Basta realizar esa operación de vinculación reiterada y persuasivamente, disponer de los
instrumentos de persuasión adecuados —y si es posible, de instrumentos de totalización
— y utilizarlos sin remilgos.
No decimos cosas así, sino que publicitamos; no significan en puridad las cosas que
decimos, sino que engatusan o no, y ése es el significado digamos epocal: engatusar,
encandilar, persuadir, llevarse el gato al agua del modo que sea. Nos arregostamos con las
connotaciones de las palabras, nos es suficiente que connoten bien, o que connoten algo
que percibimos o nos hacen percibir como bueno, como halagüeño. Cualquier cosa, si se
consigue asociarla conveniente y machaconamente a oídos u ojos de la gente, con algo
que, en el momento, suene bien, pasará por buena.
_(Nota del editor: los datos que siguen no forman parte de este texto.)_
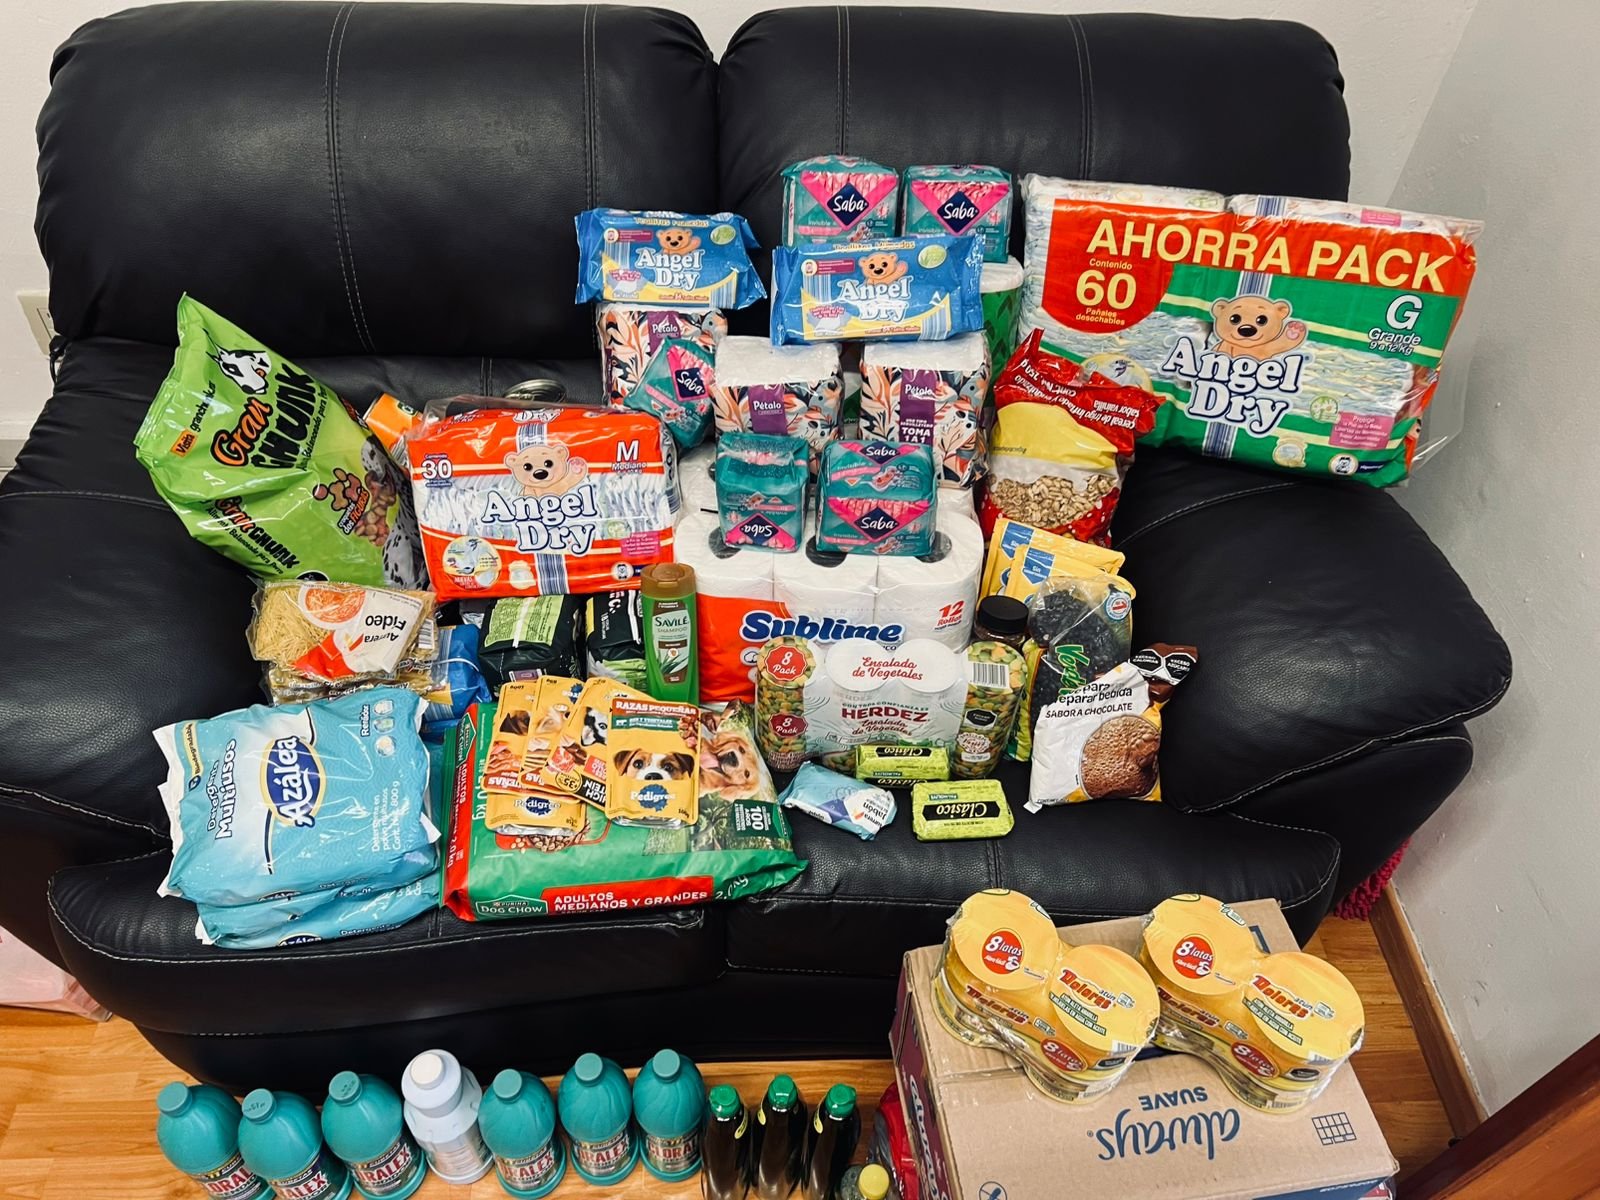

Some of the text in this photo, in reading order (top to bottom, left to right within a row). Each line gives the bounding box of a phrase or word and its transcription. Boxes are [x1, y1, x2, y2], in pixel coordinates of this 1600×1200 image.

[833, 196, 865, 212] Saba
[943, 203, 975, 219] Saba
[636, 248, 704, 271] Angel
[1086, 219, 1456, 293] AHORRA PACK
[1089, 258, 1133, 270] Contenido
[656, 268, 699, 291] Dry
[838, 276, 913, 301] Angel
[1076, 269, 1137, 310] 60
[859, 301, 907, 322] Dry
[1075, 313, 1125, 325] desechables
[1085, 307, 1117, 318] Pañales
[1385, 295, 1421, 330] G
[1368, 327, 1421, 345] Grande
[1369, 341, 1377, 350] 9
[1387, 343, 1398, 353] 12
[1398, 345, 1414, 356] Kg
[1163, 337, 1303, 396] Angel
[678, 371, 704, 394] Saba
[753, 400, 782, 411] Pétalo
[1092, 399, 1140, 419] sabor vainilla
[1189, 378, 1290, 434] Dry
[251, 362, 316, 469] CHUNK
[1112, 416, 1136, 430] cereal
[211, 398, 272, 466] Gran
[901, 427, 931, 437] TOMA
[616, 440, 640, 463] M
[865, 446, 897, 457] Saba
[421, 459, 453, 480] 30
[611, 461, 647, 471] Mediano
[482, 485, 596, 524] Angel
[213, 496, 255, 534] Gran
[861, 516, 895, 530] Saba
[516, 521, 595, 554] Dry
[741, 521, 773, 537] Saba
[250, 525, 300, 570] CHUNK
[939, 601, 965, 619] 12
[365, 614, 407, 630] Fideo
[655, 616, 689, 627] SAVILÉ
[742, 612, 904, 643] Sublime
[781, 651, 792, 665] 8
[862, 656, 917, 669] Ensalada
[773, 664, 797, 676] Pack
[852, 667, 923, 681] de Vegetales
[1098, 687, 1132, 701] bebida
[616, 701, 648, 711] RAZAS
[841, 706, 929, 723] HERDEZ
[1045, 708, 1075, 719] SABOR
[1084, 702, 1133, 716] CHOCOLATE
[775, 725, 798, 735] Pack
[782, 717, 792, 727] 8
[852, 725, 913, 737] de Vegetales
[861, 719, 908, 728] Ensalada
[884, 746, 923, 757] Clásico
[215, 738, 237, 840] Multiusos
[273, 735, 315, 828] Azálea
[459, 763, 467, 804] ADULTOS
[391, 788, 399, 807] 800
[472, 803, 486, 820] kg
[752, 806, 764, 830] 100
[862, 802, 888, 823] Jabón
[936, 802, 987, 820] Clásico
[554, 892, 614, 905] ADULTOS
[555, 899, 628, 912] MEDIANOS
[632, 898, 640, 906] Y
[644, 891, 708, 906] GRANDES
[481, 905, 543, 914] DOG CHOW
[985, 936, 1023, 957] 8 latas
[1176, 941, 1214, 962] 8 latas
[1060, 969, 1112, 1010] Dolores
[1253, 974, 1309, 1019] Dolores
[1042, 1041, 1059, 1053] 8
[1233, 1045, 1250, 1057] 8
[1138, 1086, 1208, 1111] SUAVE
[1096, 1108, 1241, 1161] always
Y al revés: cualquier cosa, persona,
obra, partido político o periodo histórico, como se logre asociarla de la misma forma
machacona y convincente a algo que connote mal en ese momento, ya puede tener las
virtudes, razones o prestancia que sea, que por muchas que éstas sean y realmente
convenientes que pudieran ser se entenderá al revés. La cosa en cuestión, claro está —y
aunque más bien no lo esté—, se nos ha escurrido mientras tanto, se ha volatilizado.